Adiksi Kita Diakhiri Juli 2020: Jakarta Larang Plastik Sekali Pakai di Pusat Perbelanjaan

Untitled design (14)

Akhirnya tiba juga saatnya untuk mengapresiasi kinerja Pemprov DKI Jakarta. Pada 7 Januari kemarin, Pemprov mengumumkan Pergub 142/2019 yang melarang penggunaan plastik sekali pakai di pusat perbelanjaan, toko swalayan, dan pasar rakyat. Gubernur DKI Jakarta Anies Baswedan menandatangani peraturan pada 27 Desember dan telah diundangkan pada 31 Desember 2019. Sesuai dengan bunyi aturan, pelaku usaha punya waktu 6 bulan untuk melakukan masa transisi.

Salinan lengkap Pergub bisa dilihat di tautan ini.

Videos by VICE

Plastik sekali pakai (PSP) yang dilarang adalah kantong belanja yang terbuat dari bahan dasar plastik, polimer termoplastik, lateks, polietilena, thermoplastic synthetic polymeric, dan bahan lainnya. Kepala Dinas Lingkungan Hidup DKI Jakarta Andono Warih berharap peraturan ini akan memaksa pengelola usaha beralih ke kantung belanja ramah lingkungan.

“Kewajiban pengelola dalam pergub tersebut disebutkan bahwa pengelola wajib memberlakukan penggunaan kantung belanja ramah lingkungan di lokasinya,

Kalau di pusat perbelanjaan yang kena sanksi [kalau ngeyel] adalah pengelola mal. Begitu pula di pasar [rakyat] yang terkena sanksi adalah PD Pasar Jaya. Sedangkan di toko swalayan yang tidak dalam mal, yang terkena adalah penanggung jawab toko swalayan tersebut. Selain itu kewajiban [pengelola] untuk melakukan sosialisasi kepada tenant maupun pengunjung di lokasi malnya,” ucap Andono kepada Detik.

Apa hukuman buat yang enggak nurut? Menurut Pasal 22, sanksinya mulai dari teguran tertulis, uang paksa, pembekuan izin, sampai pencabutan izin. Tidak disebutkan berapa nominal uang paksanya, namun ketika wacana pergub ini muncul Juli 2019, Kepala Seksi Pengelolaan Sampah Dinas Lingkungan Hidup DKI Jakarta Rahmawati pernah ngomong nominal.
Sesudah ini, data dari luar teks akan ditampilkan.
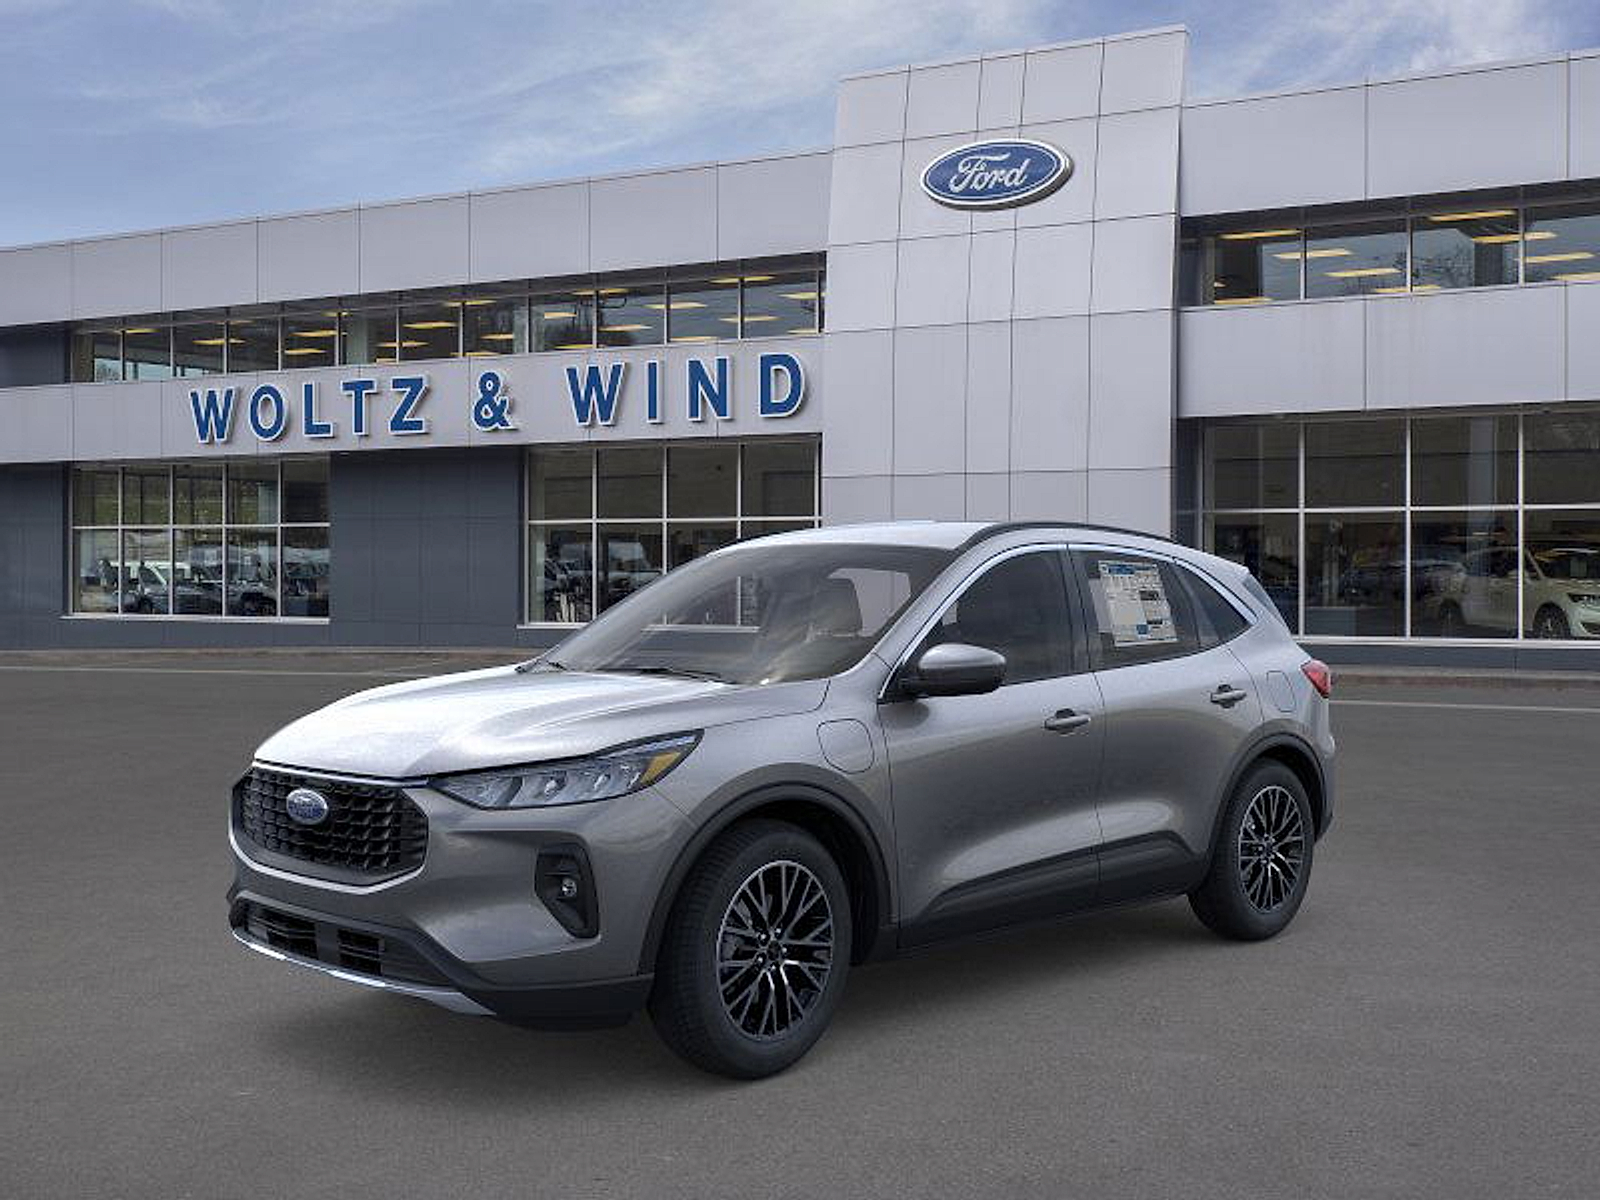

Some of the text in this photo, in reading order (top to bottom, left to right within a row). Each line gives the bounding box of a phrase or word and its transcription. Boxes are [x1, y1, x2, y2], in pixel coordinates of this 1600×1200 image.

[949, 152, 1031, 193] Ford
[190, 353, 806, 443] WOLTZ & WIND
“Sanksi untuk pengelola. Sanksinya uang paksa Rp5 juta-25 juta,” ujar Rahmawati kepada Kompas. Rahmawati meyakini kebijakan ini akan mengurangi tiga juta lembar sampah plastik dalam satu tahun. Angka ini didapatnya dari hasil survei konsumsi masyarakat terhadap kantung plastik di DKI Jakarta.

Menggunakan pendekatan legendaris carrot and stick dengan mekanisme di mana ada hukuman untuk yang melanggar, di situ ada hadiah buat yang melaksanakan, pemprov berjanji akan ngasih insentif buat mereka-mereka yang nurut. Hal ini diatur pada Pasal 20 bahwa akan ada pengurangan dan/atau keringanan pajak daerah kepada kegiatan usaha yang patuh.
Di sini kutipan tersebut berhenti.